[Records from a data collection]
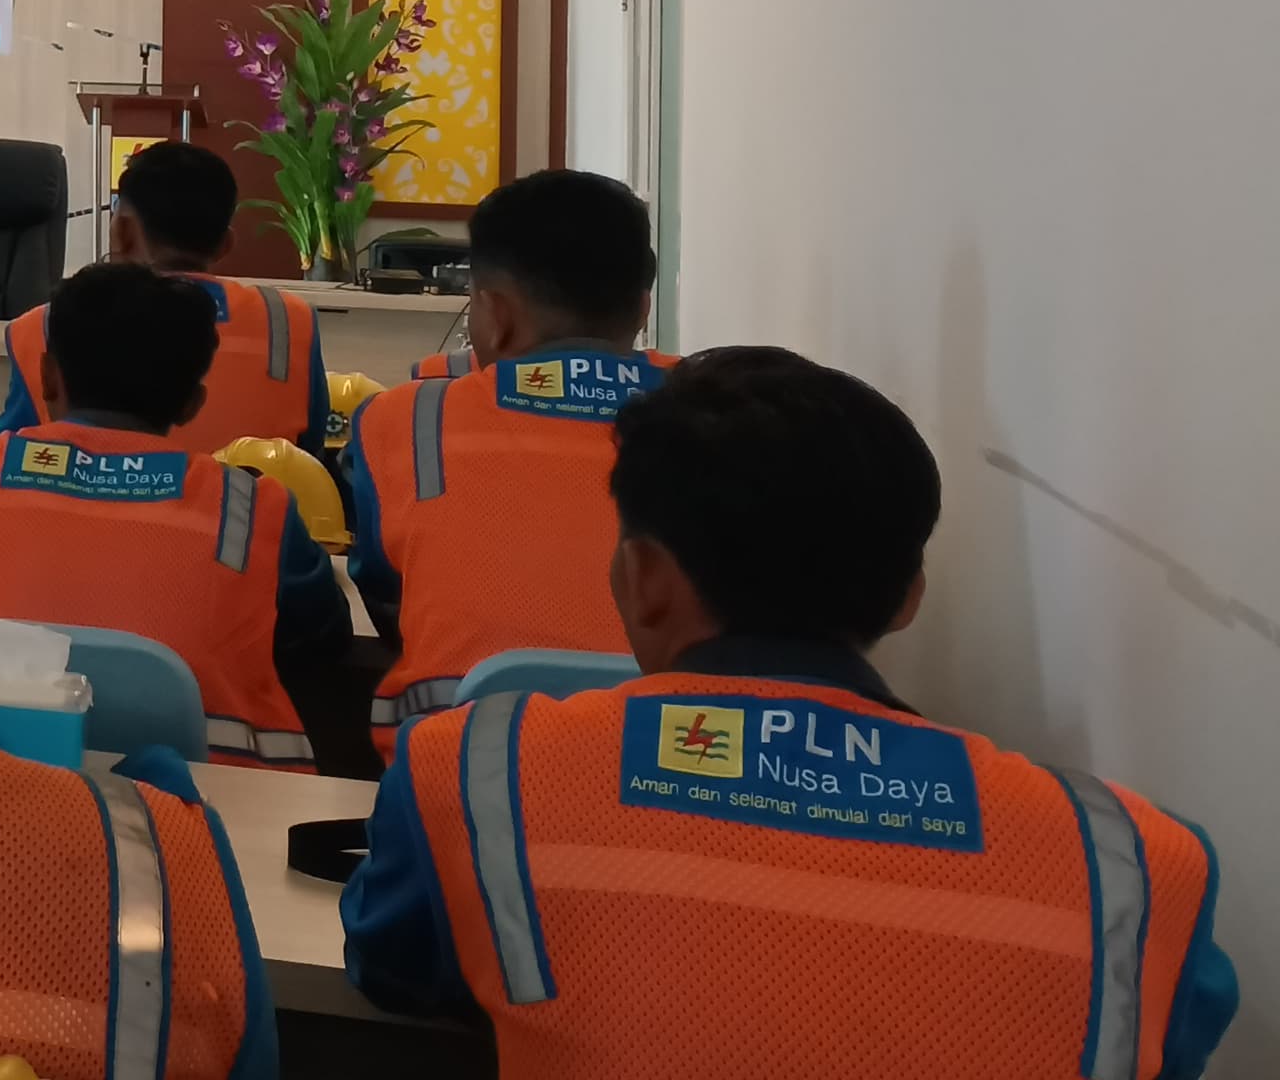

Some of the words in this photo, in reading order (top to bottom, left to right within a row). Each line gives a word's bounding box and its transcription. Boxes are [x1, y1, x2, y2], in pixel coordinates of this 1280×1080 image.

[570, 358, 640, 384] PLN
[570, 383, 617, 401] Nusa
[75, 449, 143, 472] PLN
[72, 467, 117, 485] Nusa
[125, 472, 174, 486] Daya
[761, 710, 881, 766] PLN
[758, 753, 841, 795] Nusa
[861, 773, 954, 807] Daya
[630, 775, 679, 796] Aman
[689, 784, 720, 802] dan
[729, 791, 797, 815] selamat
[807, 803, 869, 825] dimulai
[878, 811, 912, 829] dari
[922, 817, 966, 836] saya
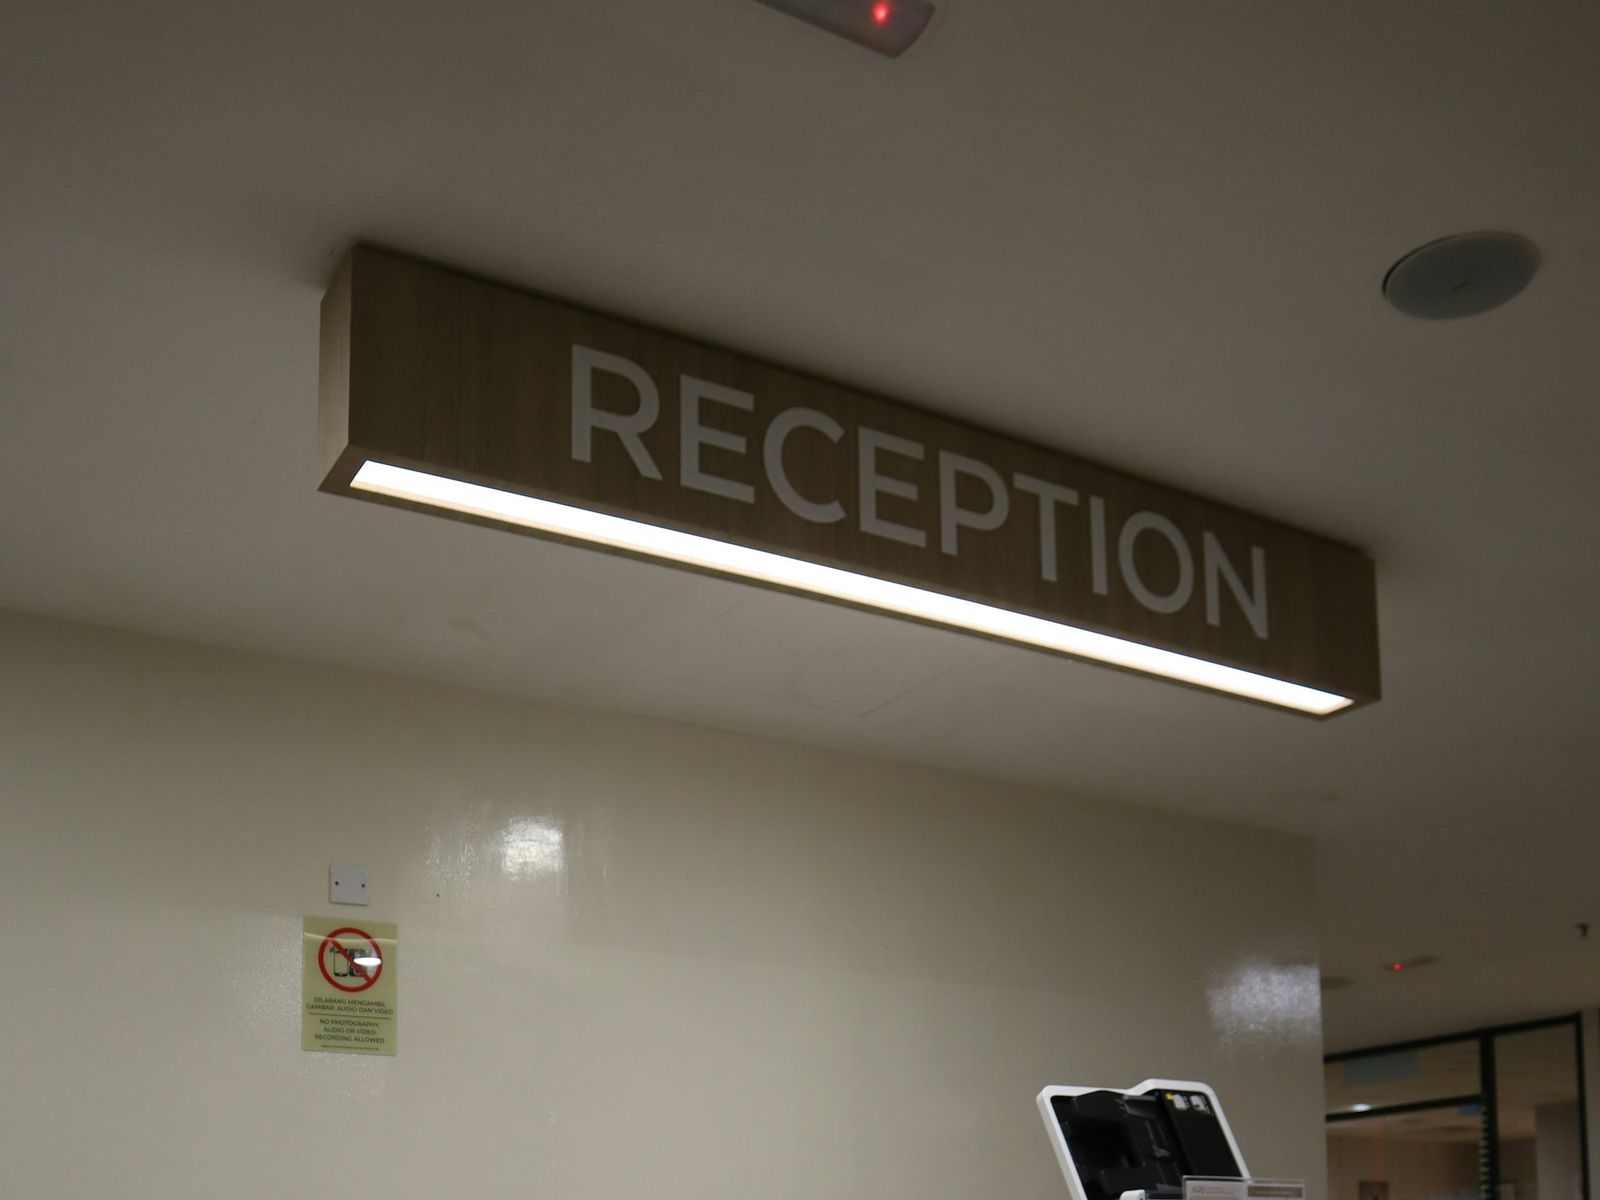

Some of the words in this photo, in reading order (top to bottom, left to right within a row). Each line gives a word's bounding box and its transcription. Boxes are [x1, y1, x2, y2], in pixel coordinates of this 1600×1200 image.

[570, 343, 1269, 639] RECEPTION
[313, 996, 347, 1005] DILARANG
[347, 999, 386, 1007] MENGAMBIL
[314, 1033, 352, 1042] RECORDING
[353, 1035, 385, 1043] ALLOWED

### What is being asked:
So that the copy stays exact, reproduce each record word for word and leave its images out.

### Your solution:
Some of the words in this photo, in reading order (top to bottom, left to right within a row). Each line gives a word's bounding box and its transcription. Boxes are [x1, y1, x2, y2], in pixel coordinates of this 1280×1080 image.

[570, 358, 640, 384] PLN
[570, 383, 617, 401] Nusa
[75, 449, 143, 472] PLN
[72, 467, 117, 485] Nusa
[125, 472, 174, 486] Daya
[761, 710, 881, 766] PLN
[758, 753, 841, 795] Nusa
[861, 773, 954, 807] Daya
[630, 775, 679, 796] Aman
[689, 784, 720, 802] dan
[729, 791, 797, 815] selamat
[807, 803, 869, 825] dimulai
[878, 811, 912, 829] dari
[922, 817, 966, 836] saya

Some of the words in this photo, in reading order (top to bottom, left to right within a row). Each line gives a word's bounding box and its transcription. Boxes are [x1, y1, x2, y2], in pixel coordinates of this 1600×1200 image.

[570, 343, 1269, 639] RECEPTION
[313, 996, 347, 1005] DILARANG
[347, 999, 386, 1007] MENGAMBIL
[314, 1033, 352, 1042] RECORDING
[353, 1035, 385, 1043] ALLOWED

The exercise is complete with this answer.